A climate-change study by researchers from MIT and the Marine Biological Laboratory at Woods Hole shows that a strategy for controlling multiple gases associated with greenhouse warming could reduce control costs by more than 60 percent compared with controlling carbon dioxide (CO2) alone.
This first comprehensive assessment of economic, atmospheric, climatic and ecosystem effects of the Kyoto Protocol on Climate Change hit newsstands in the October 7 issue of Nature.
The study also indicates flaws in the "yardstick" by which gases are compared under the Kyoto Protocol, an agreement now signed by 84 countries including the United States that was negotiated in December 1997 with the intent of slowing global warming.
"The main finding is that including gases other than CO2 emissions from fossil fuels could greatly reduce costs of meeting the [Kyoto] Protocol," observed Dr. John Reilly, lead author of the paper and associate director for research at the MIT Joint Program on the Science and Policy of Global Change. "Economically efficient policies will be required that encourage reduction of these emissions -- not an easy task, as reductions must come from sources as diverse as landfills, aluminum production, livestock and electrical switchgear."
Added co-author Professor Ronald Prinn, head of the Department of Earth, Atmospheric, and Planetary Sciences and co-director of the Joint Program, "No other effort to date has comprehensively considered both the scientific and economic implications of the Protocol. The results are exciting and illuminating."
Much current analysis and policy discussion narrows climate issues to a debate about carbon emissions from fossil fuels. Most economic analyses likewise have considered only emissions of CO2 from fossil fuels. This situation has, according to the present study, led to an approximately 21 percent overestimation of annual costs in 2010 for meeting Kyoto Protocol emissions caps in industrialized regions.
In contrast, the present study analyzes climate policy as negotiated under the Kyoto agreement, including critical issues like forest "sinks" (repositories of CO2 absorbed from the atmosphere) and non-CO2 greenhouse gases. It also explicitly considers atmospheric interactions among these gases, climate feedbacks, the roles of carbon monoxide and nitrogen oxides (key components of smog), and aerosols' cooling effect.
Significantly for climate and ecosystems, the study shows that inclusion of non-CO2 gases in the Kyoto Protocol leads to greater reductions in the impact of greenhouse gas emissions than if only CO2 had been included. Achieving approximately the same reduction in warming by controlling only fossil CO2 could cost more than 60 percent more than an effort controlling other gases as well. Failure to consider non-CO2 greenhouse gases and sinks also has differential regional effects that could affect the pattern of emissions trading.

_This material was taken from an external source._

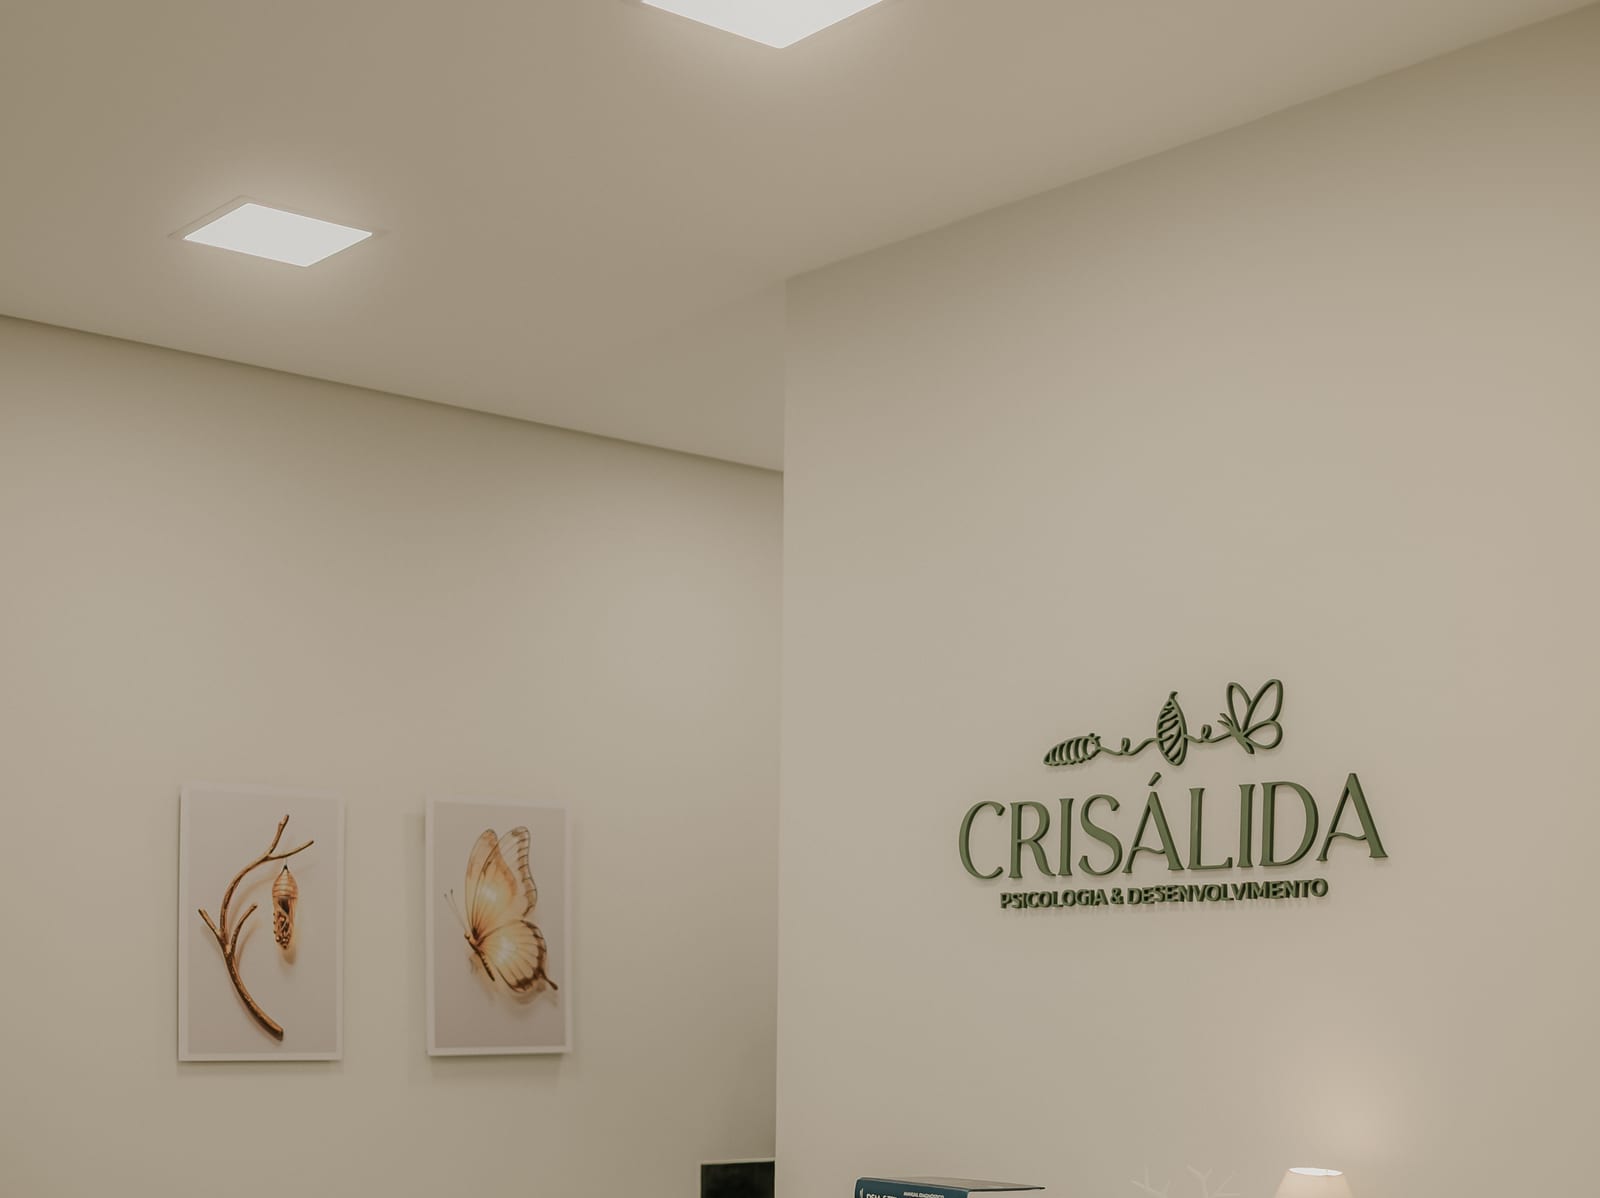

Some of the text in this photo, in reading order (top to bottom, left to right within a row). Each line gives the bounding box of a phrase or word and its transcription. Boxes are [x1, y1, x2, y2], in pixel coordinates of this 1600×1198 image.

[958, 772, 1388, 880] CRISÁLIDA
[1000, 878, 1329, 909] PSICOLOGIA & DESENVOLVIMENTO
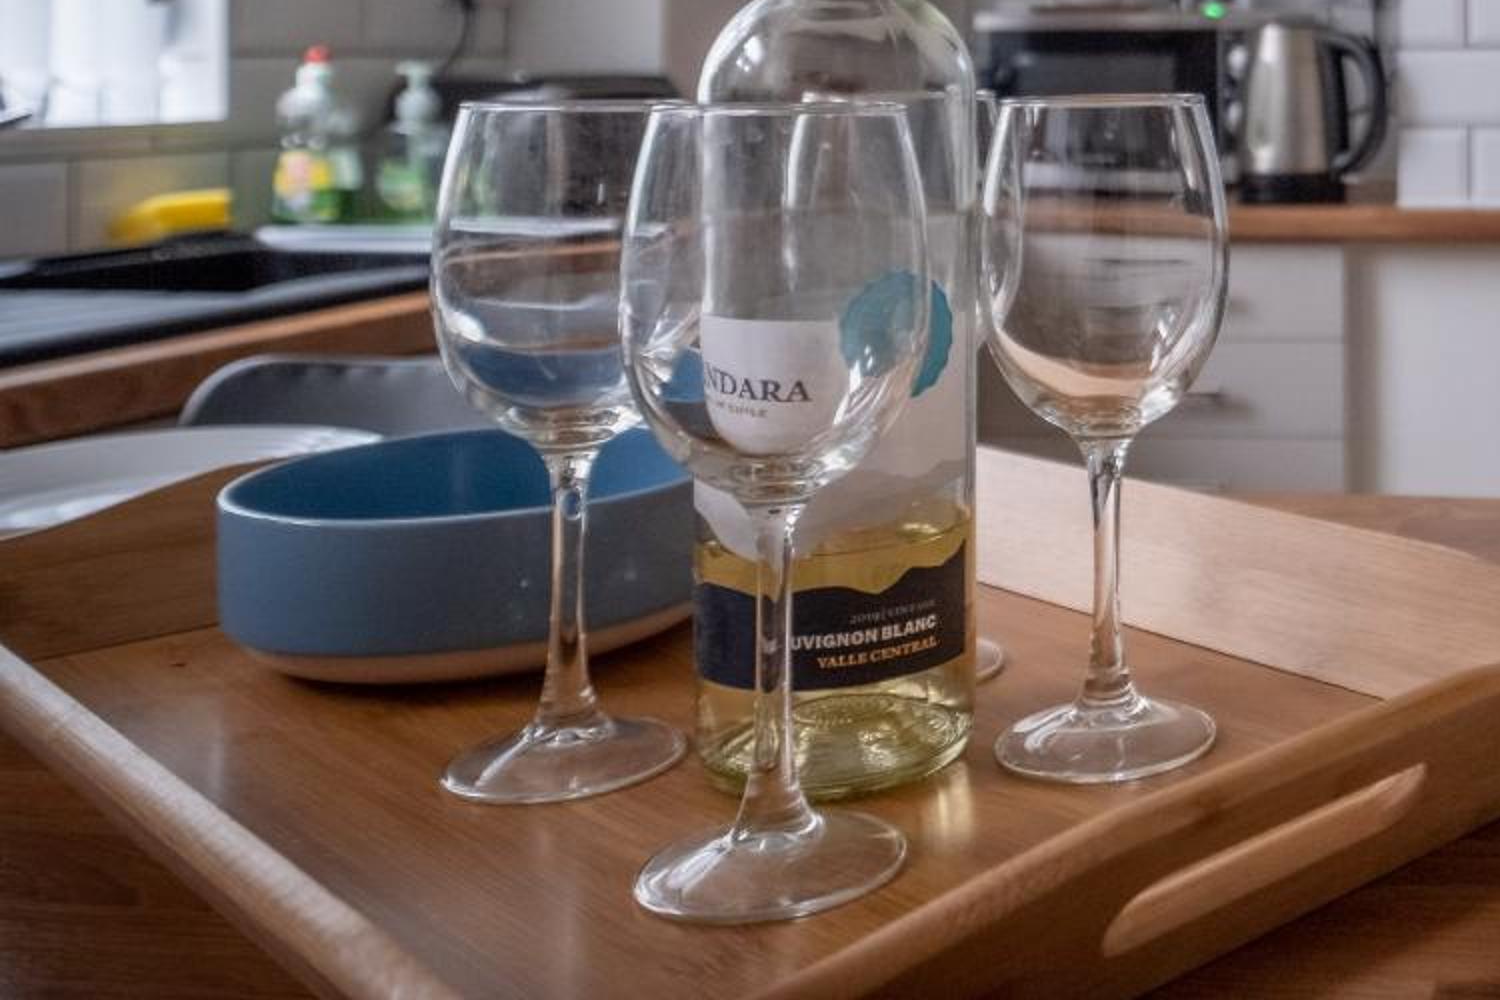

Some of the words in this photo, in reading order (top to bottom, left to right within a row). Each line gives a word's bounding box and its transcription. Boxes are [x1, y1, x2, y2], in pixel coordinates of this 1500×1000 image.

The Nature study also notes flaws in the yardstick used to compare greenhouse gases under the Kyoto Protocol. The protocol, which has not yet been ratified by the number of countries needed before it can enter into force, calls for reductions in emissions of several radiative (Earth-warming) gases to be credited against a CO2-equivalent emissions "cap." This cap is calculated in terms of Global Warming Potential (GWP), an index defining the contribution of each greenhouse gas to atmospheric warming relative to CO2.
The Nature article shows, however, that use of GWPs as applied in the Kyoto Protocol mitigates climate change considerably more for multi-gas strategies than for supposedly equivalent CO2-only control when emissions cuts are deep enough to stabilize the radiative effects of these gases.
"This result indicates significant weakness in the whole GWP approach, in that this approach does not 'level the playing field' for all possible strategies. Instead, an integrated systems approach appears necessary," said Professor Prinn.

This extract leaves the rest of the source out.